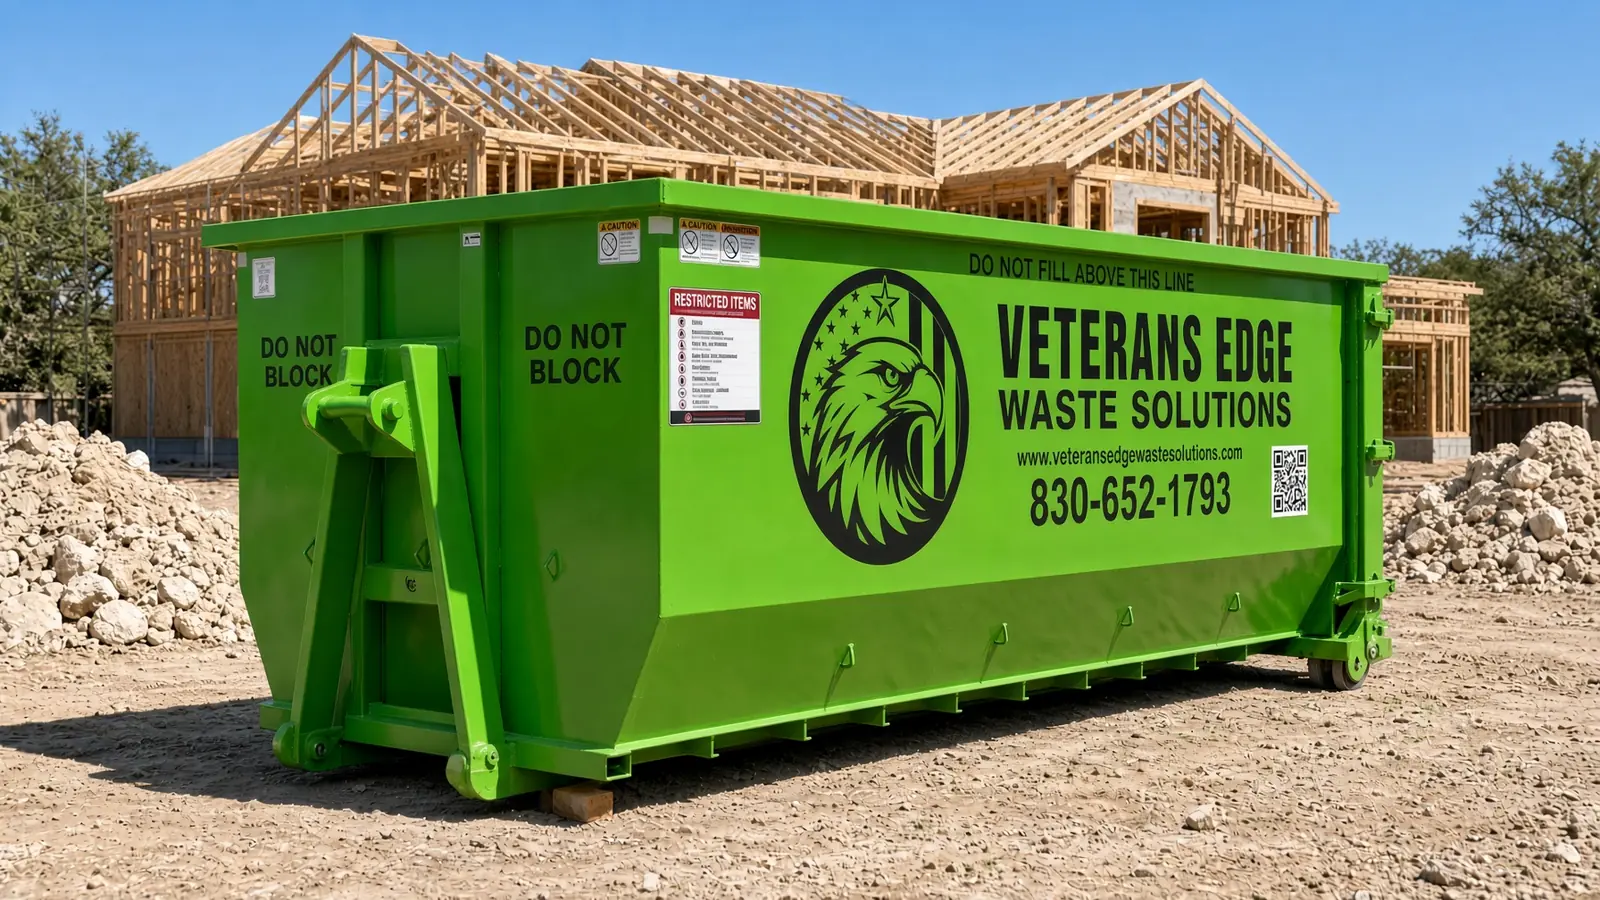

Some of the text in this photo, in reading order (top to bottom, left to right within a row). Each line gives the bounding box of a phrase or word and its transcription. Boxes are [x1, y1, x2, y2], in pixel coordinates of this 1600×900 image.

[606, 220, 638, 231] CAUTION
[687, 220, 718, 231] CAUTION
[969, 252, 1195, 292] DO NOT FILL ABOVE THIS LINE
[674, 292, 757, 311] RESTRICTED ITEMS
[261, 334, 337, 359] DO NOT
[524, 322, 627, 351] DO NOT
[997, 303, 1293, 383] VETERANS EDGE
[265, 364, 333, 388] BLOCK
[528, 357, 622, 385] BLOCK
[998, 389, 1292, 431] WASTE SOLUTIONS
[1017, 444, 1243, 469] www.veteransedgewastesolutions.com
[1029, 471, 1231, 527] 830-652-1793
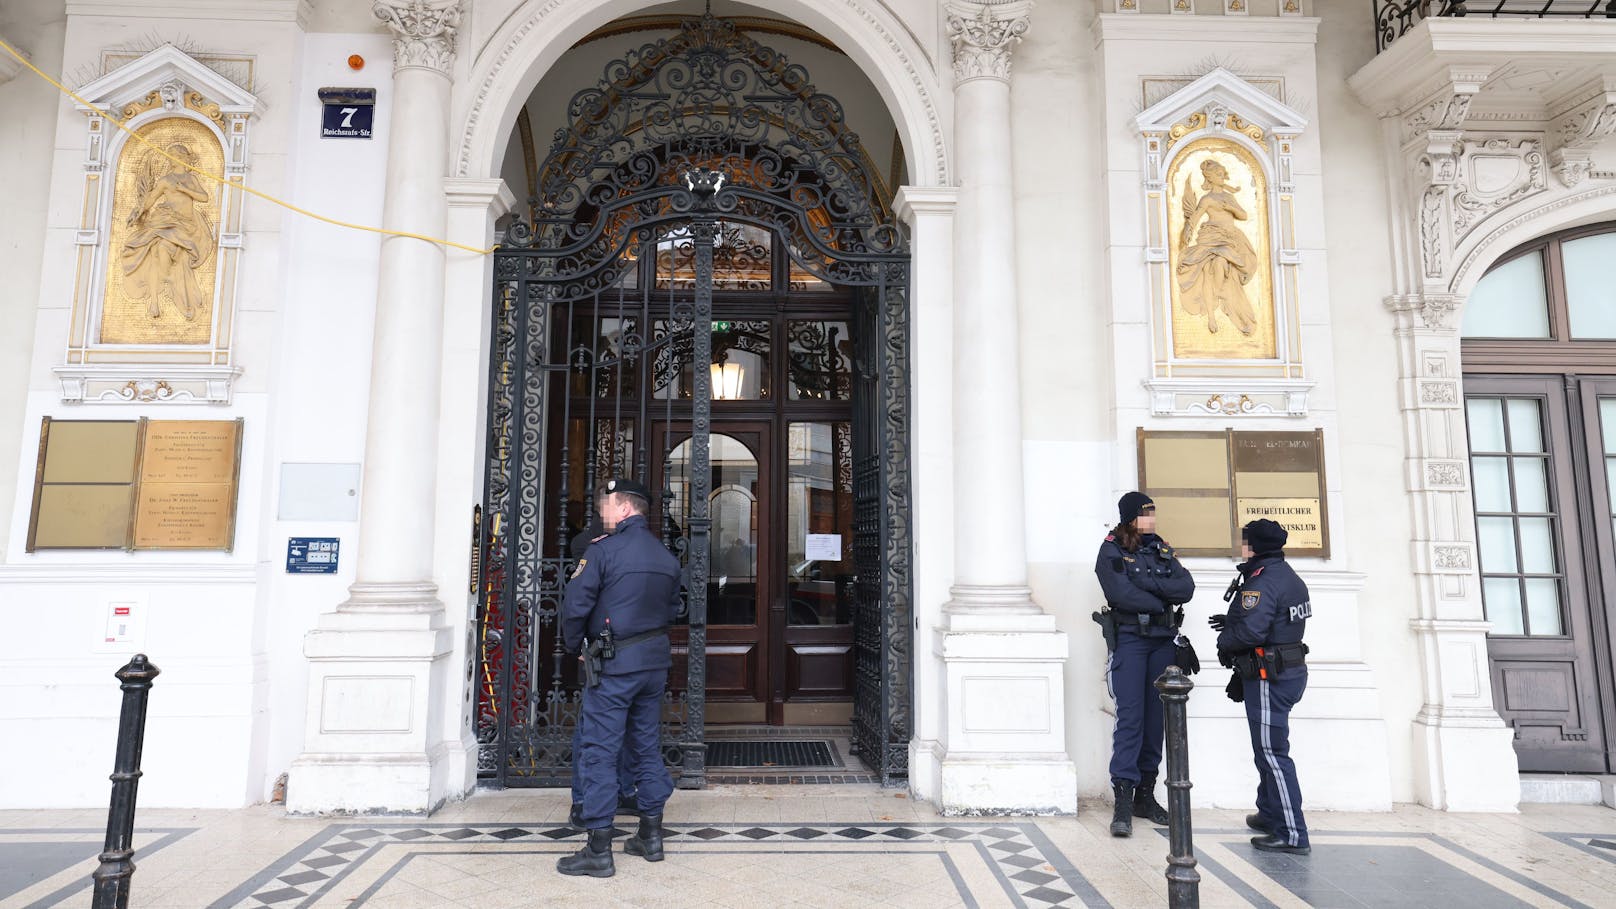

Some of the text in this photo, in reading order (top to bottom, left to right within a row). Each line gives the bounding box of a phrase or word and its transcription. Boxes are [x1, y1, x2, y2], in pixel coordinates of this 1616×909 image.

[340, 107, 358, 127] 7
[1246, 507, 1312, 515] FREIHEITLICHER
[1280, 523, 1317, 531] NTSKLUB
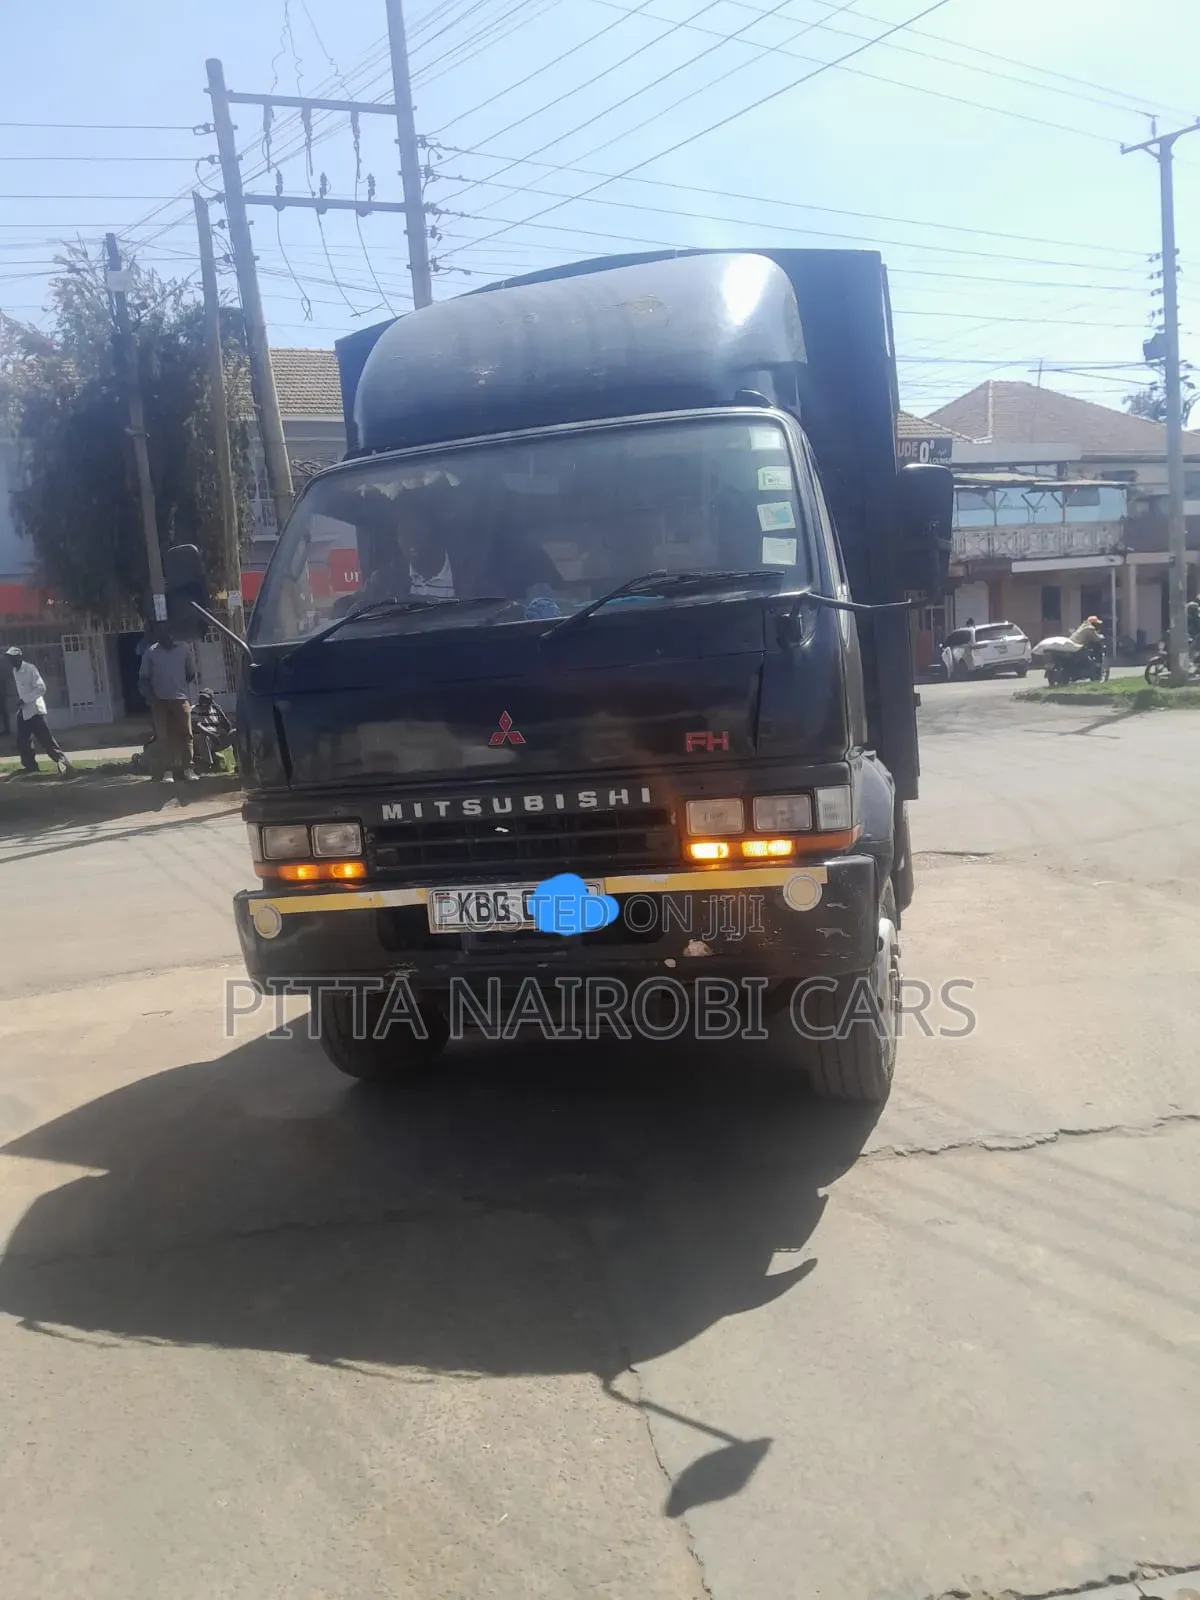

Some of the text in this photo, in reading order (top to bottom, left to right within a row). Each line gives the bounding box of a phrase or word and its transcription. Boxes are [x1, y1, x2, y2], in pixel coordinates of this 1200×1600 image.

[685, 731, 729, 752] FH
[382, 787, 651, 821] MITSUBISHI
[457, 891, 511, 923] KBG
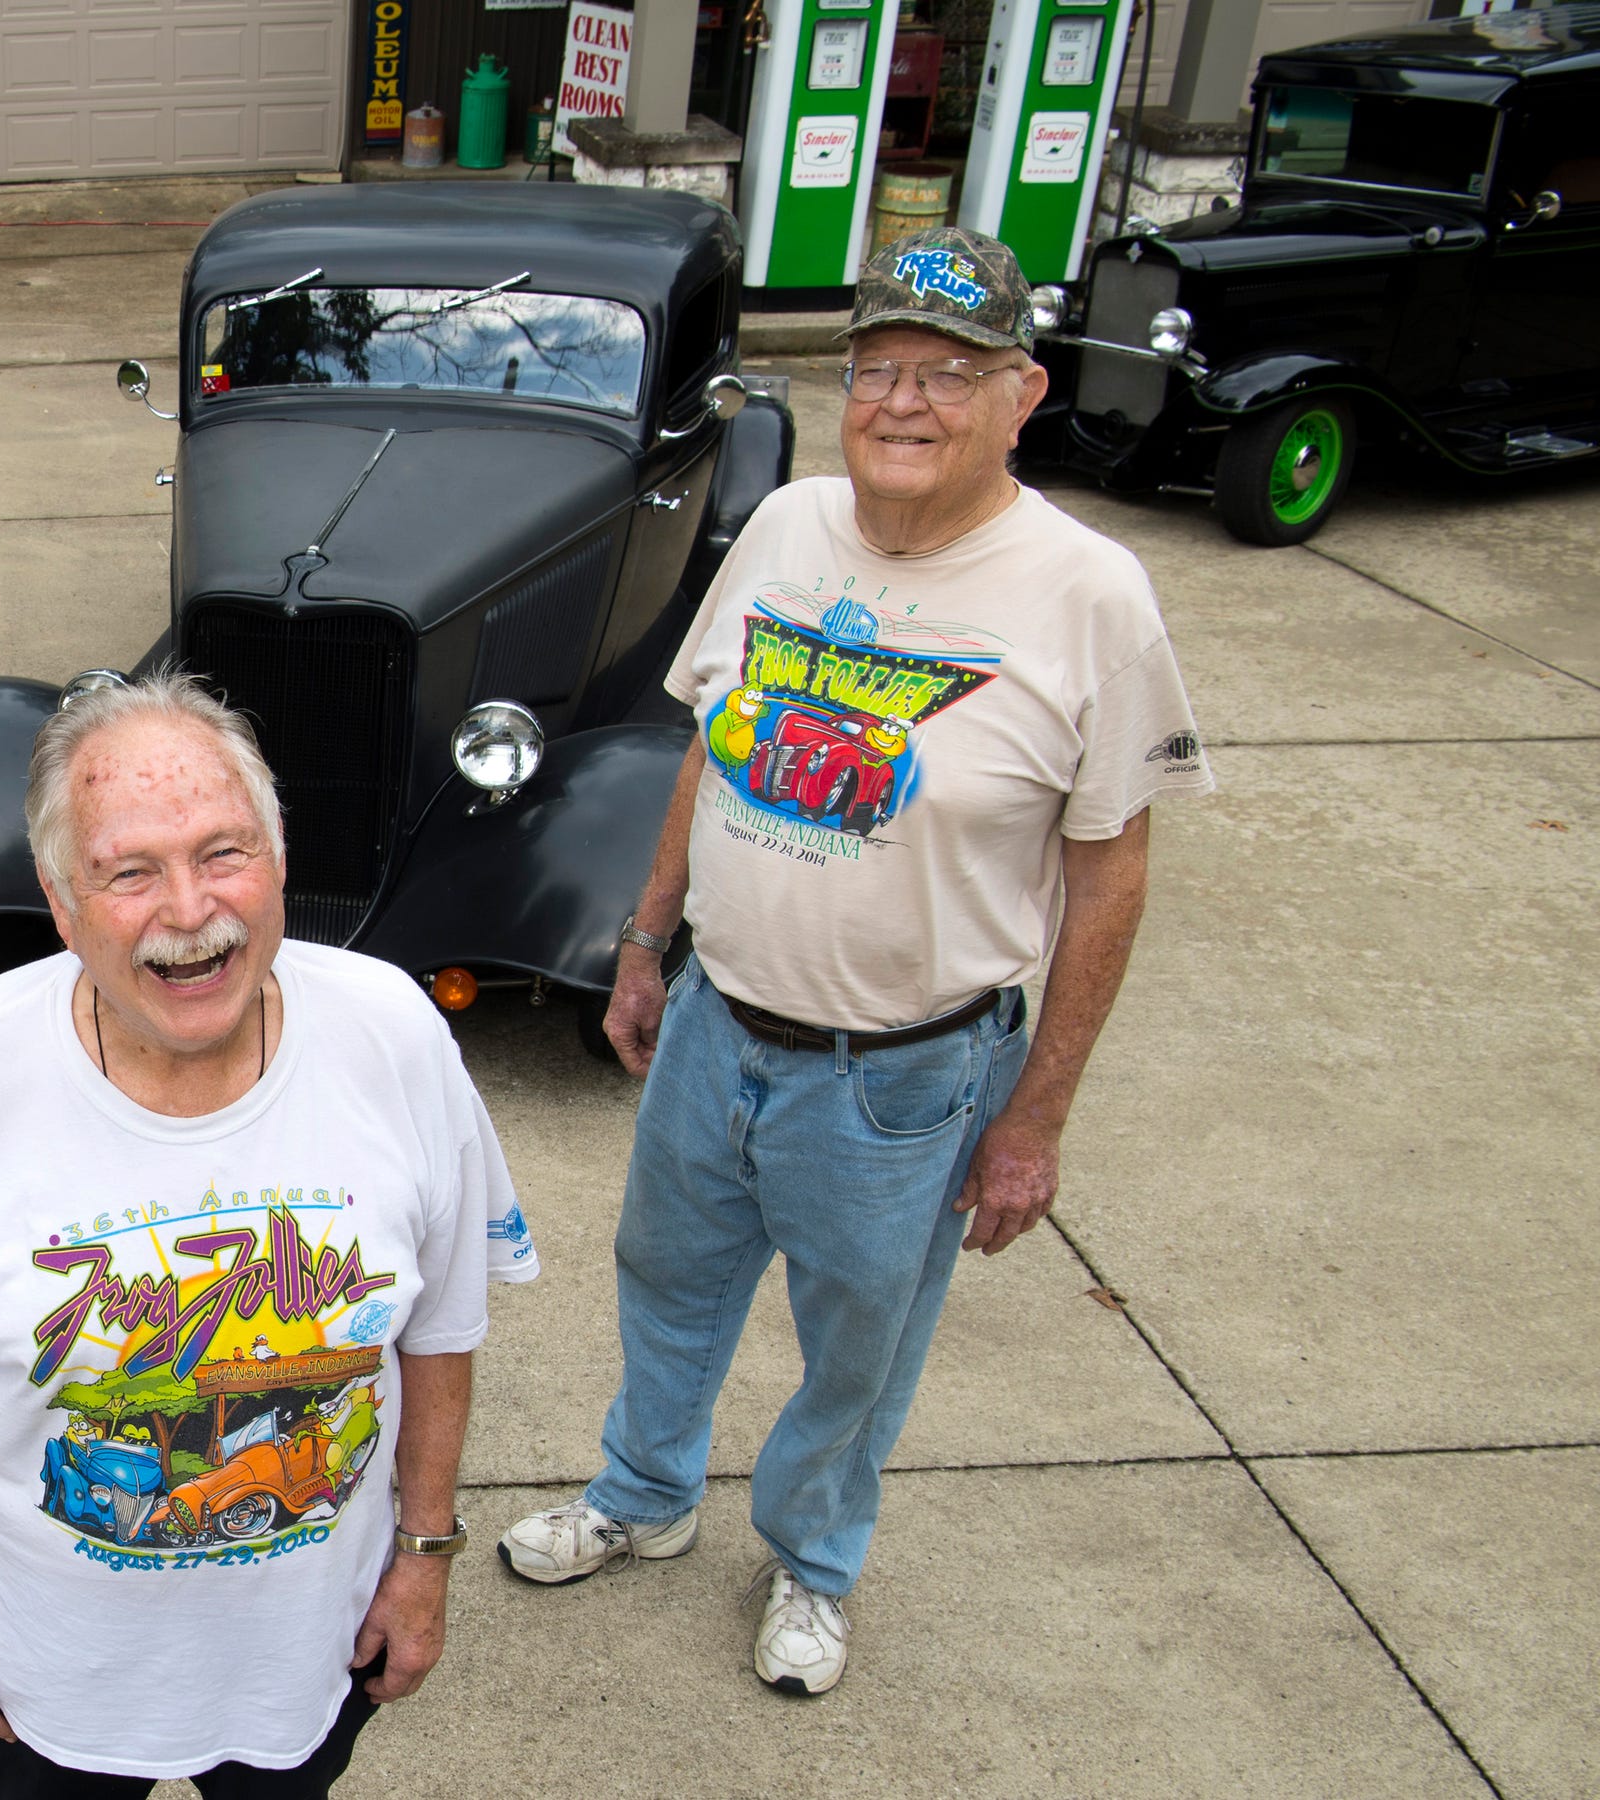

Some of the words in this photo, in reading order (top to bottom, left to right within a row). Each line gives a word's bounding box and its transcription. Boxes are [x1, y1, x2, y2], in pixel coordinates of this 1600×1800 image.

━━━━━━━━━━━━━━━━

EXERCISE DESCRIPTION: Exactly the lines from the one holding "this 1616×909 image." through the last line of the entries must be set down, with nothing added and no pictures.

OUTPUT:
Some of the text in this photo, in reading order (top to bottom, left to right within a row). Each line gives the bounding box of a phrase or word and its transcription. Boxes are [x1, y1, x2, y2], in pixel coordinates of this 1616×909 image.

[340, 107, 358, 127] 7
[1246, 507, 1312, 515] FREIHEITLICHER
[1280, 523, 1317, 531] NTSKLUB

Some of the text in this photo, in reading order (top to bottom, left to right within a row). Each line gives the bounding box of a phrase or word and its transcription. Boxes are [x1, y1, x2, y2], in pixel coordinates of this 1200×1600 image.

[685, 731, 729, 752] FH
[382, 787, 651, 821] MITSUBISHI
[457, 891, 511, 923] KBG

Some of the words in this photo, in reading order (top to bottom, left to right within a row). Each line gives a word's bounding box and its transcription. Boxes are [x1, y1, x2, y2], in pixel coordinates of this 1600×1800 image.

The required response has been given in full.